Nick rolled his eyes to the ceiling: anywhere but his son, the impenetrable concrete wall of his son’s selfishness. ‘I think we all deserve the proverbial cup of tea,’ he said.

No one moved.

Tammy stared at a cleft in the table, into which crumbs had fallen. She was one of those crumbs. She had made her parents suffer. Never again would she do such a thing in her entire life, she decided.

‘Like, you know when you screamed your head off at me, Sarah?’ said Jamie, sticking the roll-up between his pouting lips.

‘I shouted.’

‘Screamed your head off. Not when you called me a prick, but the time before. Two weeks back.’

Sarah swallowed with difficulty. ‘Under intense provocation, yes.’

‘Provocation is an underrated instrument of power, historically speaking,’ commented Nick, in a jovial tone. ‘Underrated by historians, that is. As is not doing anything. Inaction as a form of violence.’

‘Shut up, Nick,’ Sarah muttered.

Jamie stood, ready to go outside and have his smoke. ‘That’s why I had to sort myself out on my own. Because of the shouting.’

‘Maybe talk about this at some other time?’ his father suggested, glancing Tammy’s way.

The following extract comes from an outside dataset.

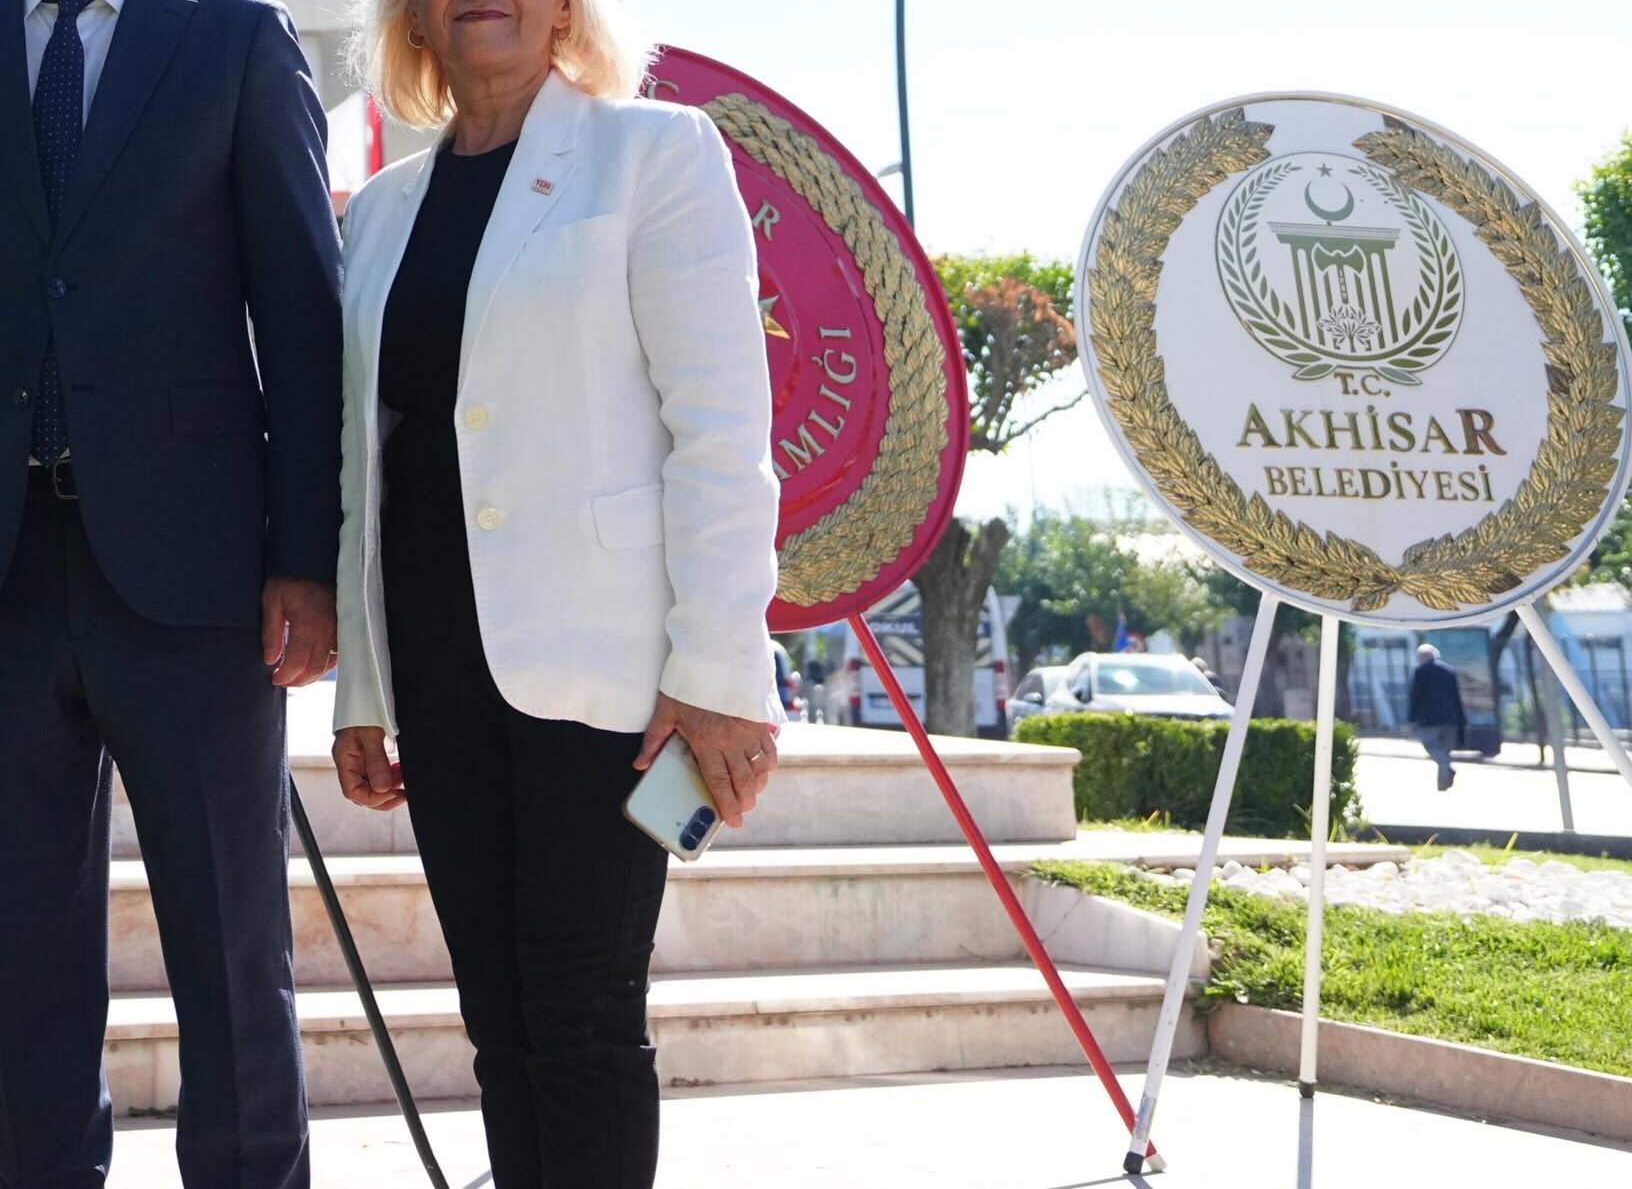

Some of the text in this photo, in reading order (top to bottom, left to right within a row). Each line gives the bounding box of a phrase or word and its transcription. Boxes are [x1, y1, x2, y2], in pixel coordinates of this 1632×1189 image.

[1334, 372, 1391, 397] T.C.
[1236, 403, 1507, 456] AKHİSAR
[1263, 461, 1495, 502] BELEDİYESİ

Tammy thought Jamie seemed sad as he nodded, but when he turned his head she saw the other half of his face was smiling.

They had seen the sea. They had seen further than anyone had ever seen. The roof’s slope had scared her, but it wasn’t slippery, it was just huge, like a different land, and dark. They had all held hands and reached the top, holding on to the cool ridge. A bird had passed them and then they had seen the sun rise. They were the first in the world to see it rise. It was like an explosion without any sound and the redness filled their eyes up. Then Tammy felt little drops on her face: it was raining! It made the tiles shine. Alicia started whimpering and they had to creep back slowly across the tiles on shivery legs into the attic. That was the one and only time, Jamie told them. His face had gone white. That’s because, on the way back, although it was only a few yards hand-in-hand, their shoes kept slipping on the tiles. The roof had changed. It wanted to throw them off.

Then they had fun on the ground. The ground’s different, Jamie said. The ground’s for kids. The air’s for ghosts, right?

No one had told a lie, either. That’s why half of Jamie’s face was smiling, now.